TASK BRIEF:
Using the entries below, output exactly the lines from the one containing "this 1600×1200 image." through the final line, both included, and no others.

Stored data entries
--------------------------------------------------
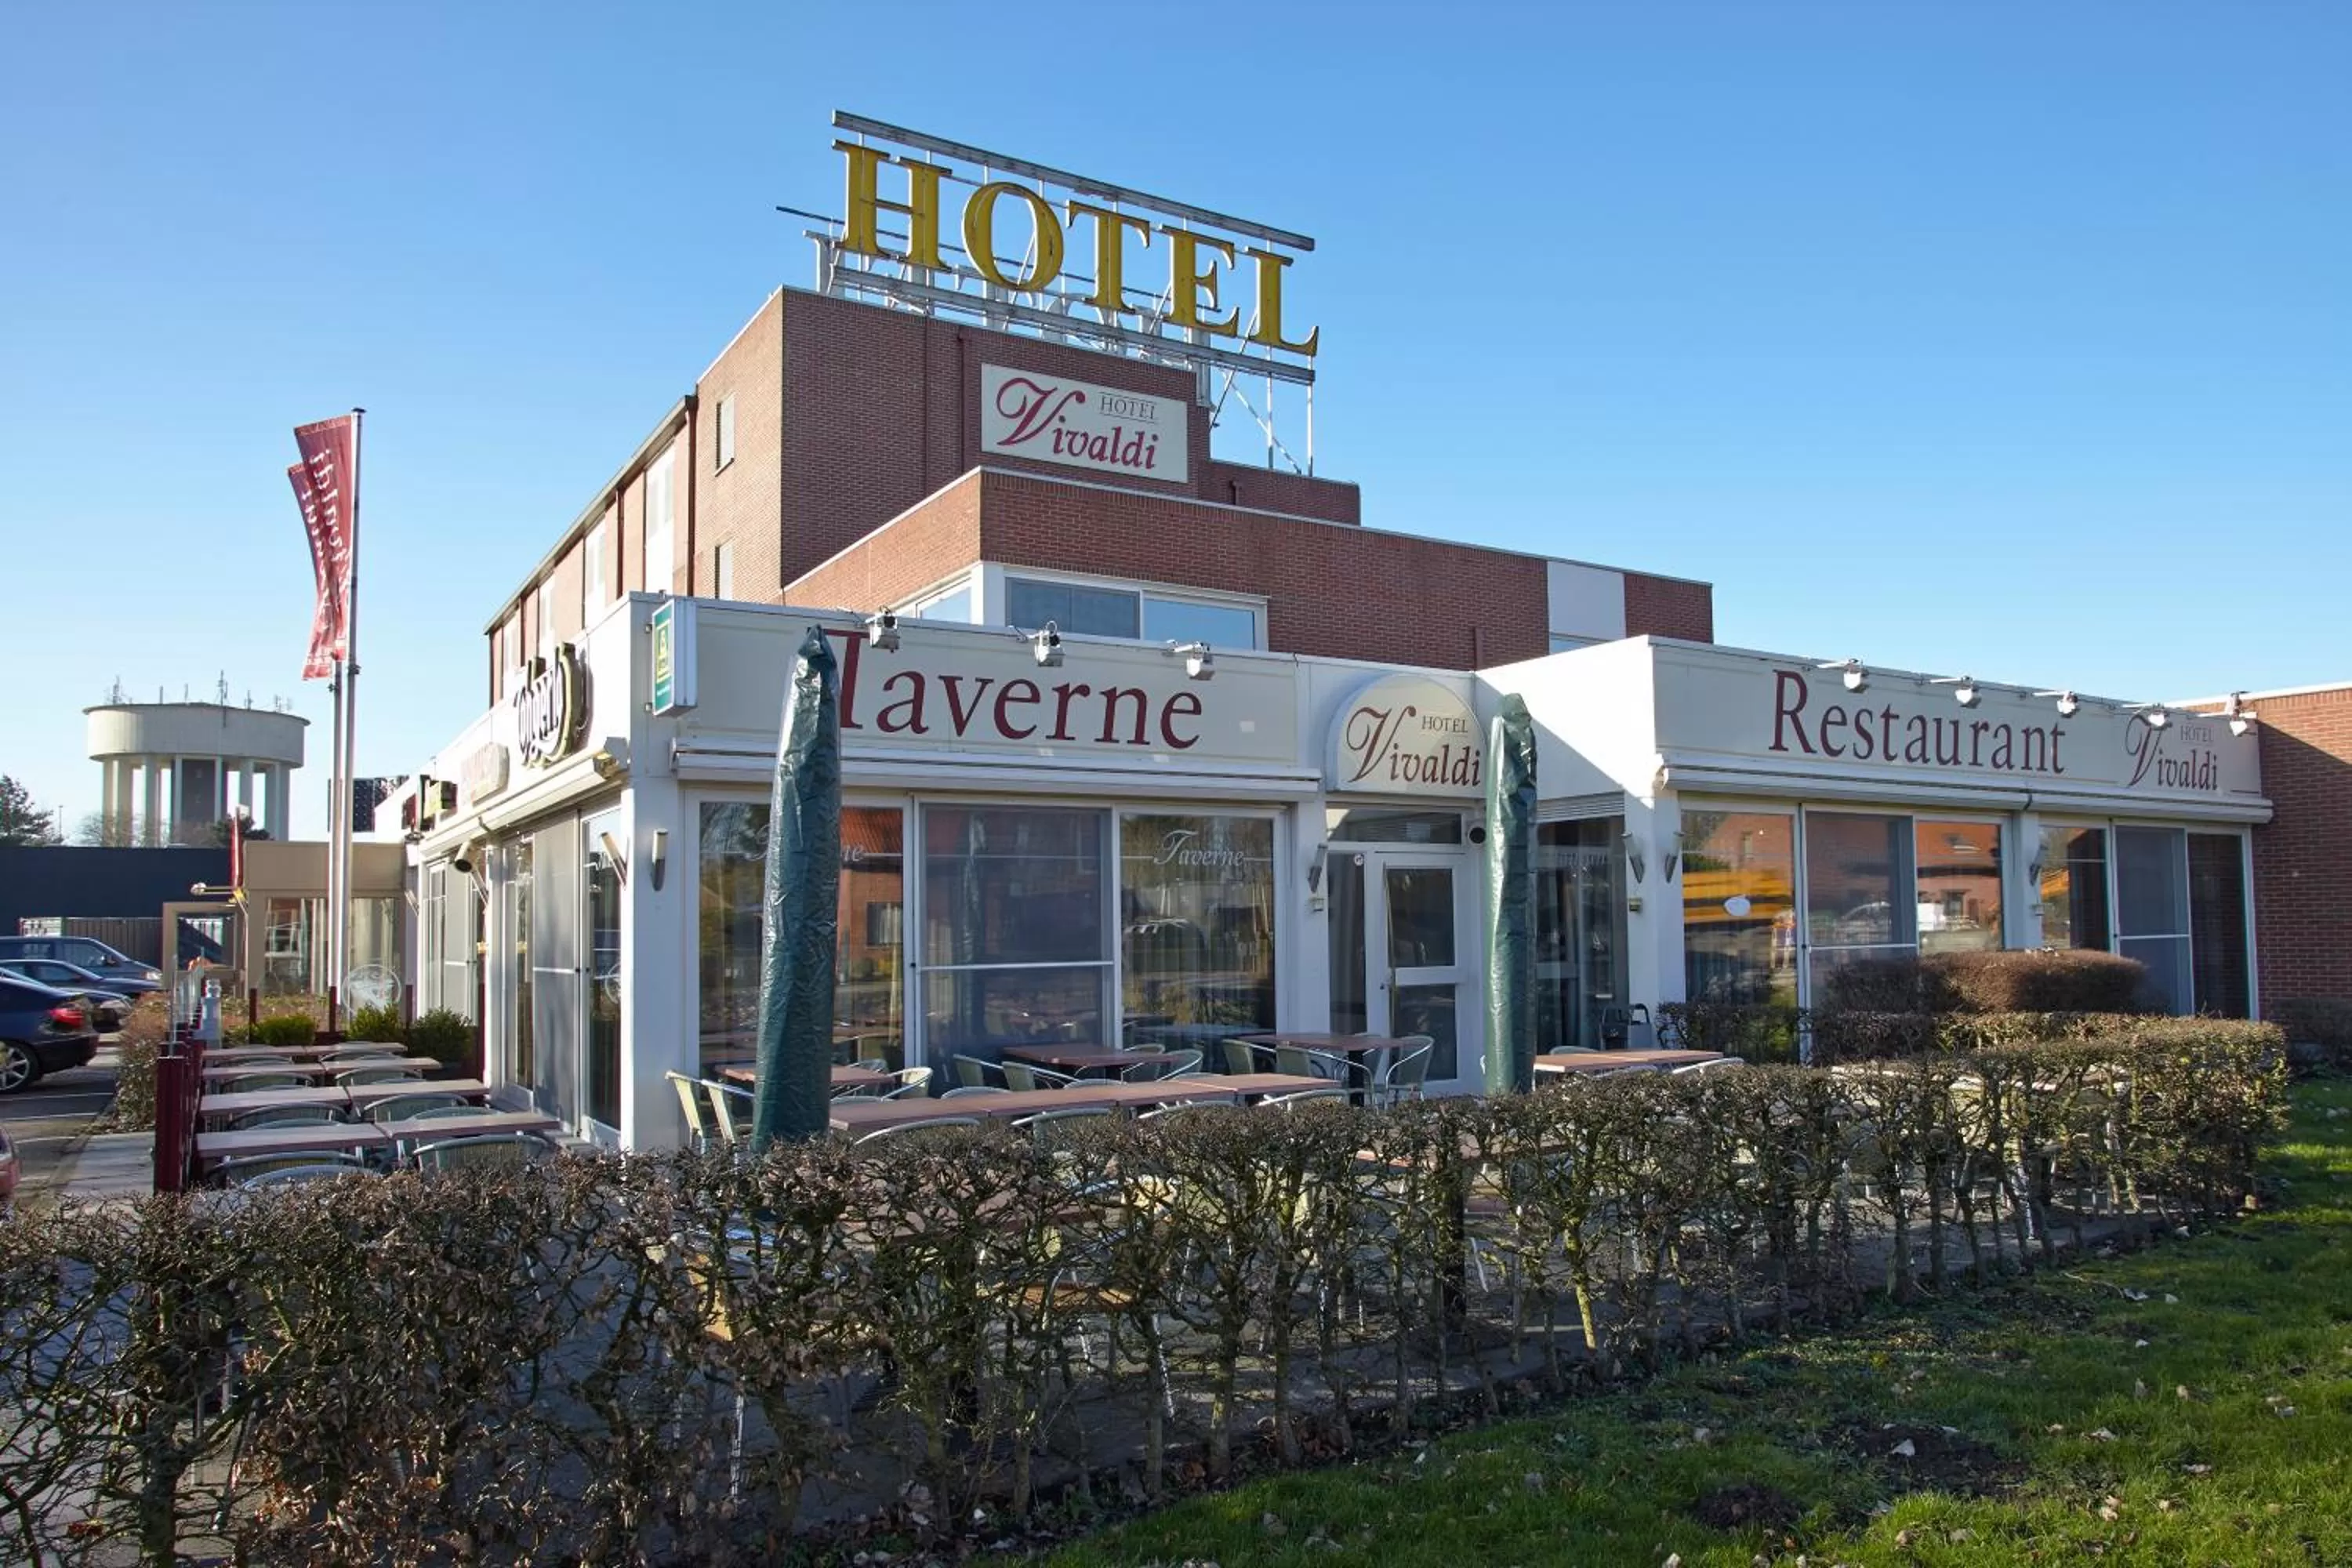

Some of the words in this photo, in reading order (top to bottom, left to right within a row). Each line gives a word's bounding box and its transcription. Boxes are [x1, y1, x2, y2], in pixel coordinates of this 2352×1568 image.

[831, 137, 1319, 357] HOTEL
[996, 377, 1159, 470] Vivaldi
[1099, 394, 1157, 420] HOTEL
[823, 628, 1203, 750] Taverne
[1421, 714, 1468, 734] HOTEL
[1768, 668, 2066, 775] Restaurant
[1345, 706, 1482, 786] Vivaldi
[2125, 713, 2218, 791] Vivaldi
[2180, 724, 2215, 743] HOTEL
[1153, 829, 1244, 866] Taverne
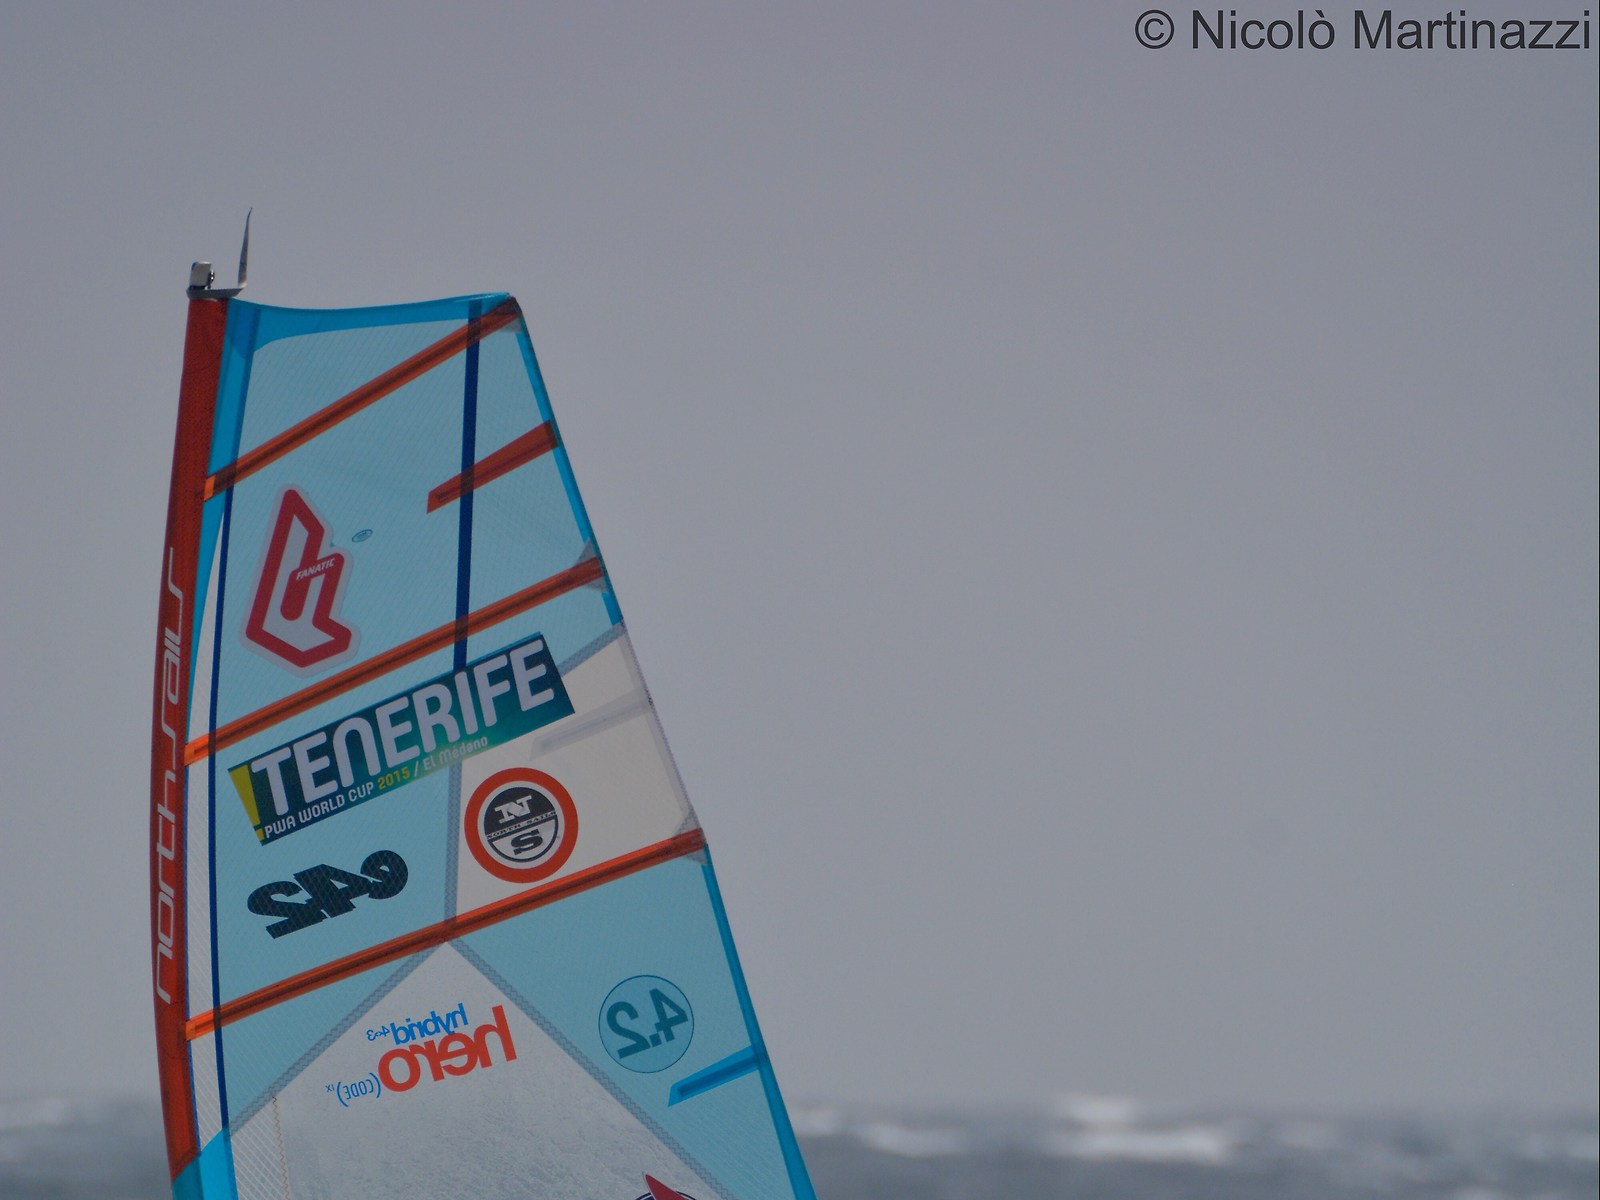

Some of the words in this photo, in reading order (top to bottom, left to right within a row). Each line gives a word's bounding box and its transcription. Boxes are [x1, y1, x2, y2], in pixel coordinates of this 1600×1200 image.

[296, 557, 335, 580] FANATIC
[251, 639, 555, 816] TENERIFE
[264, 815, 296, 838] PWA
[298, 793, 346, 824] WORLD
[348, 781, 375, 802] CUP
[377, 766, 411, 790] 2015
[423, 757, 437, 771] El
--------------------------------------------------
SOLUTION TO THIS PROBLEM:
Some of the words in this photo, in reading order (top to bottom, left to right within a row). Each line gives a word's bounding box and its transcription. Boxes are [x1, y1, x2, y2], in pixel coordinates of this 1600×1200 image.

[296, 557, 335, 580] FANATIC
[251, 639, 555, 816] TENERIFE
[264, 815, 296, 838] PWA
[298, 793, 346, 824] WORLD
[348, 781, 375, 802] CUP
[377, 766, 411, 790] 2015
[423, 757, 437, 771] El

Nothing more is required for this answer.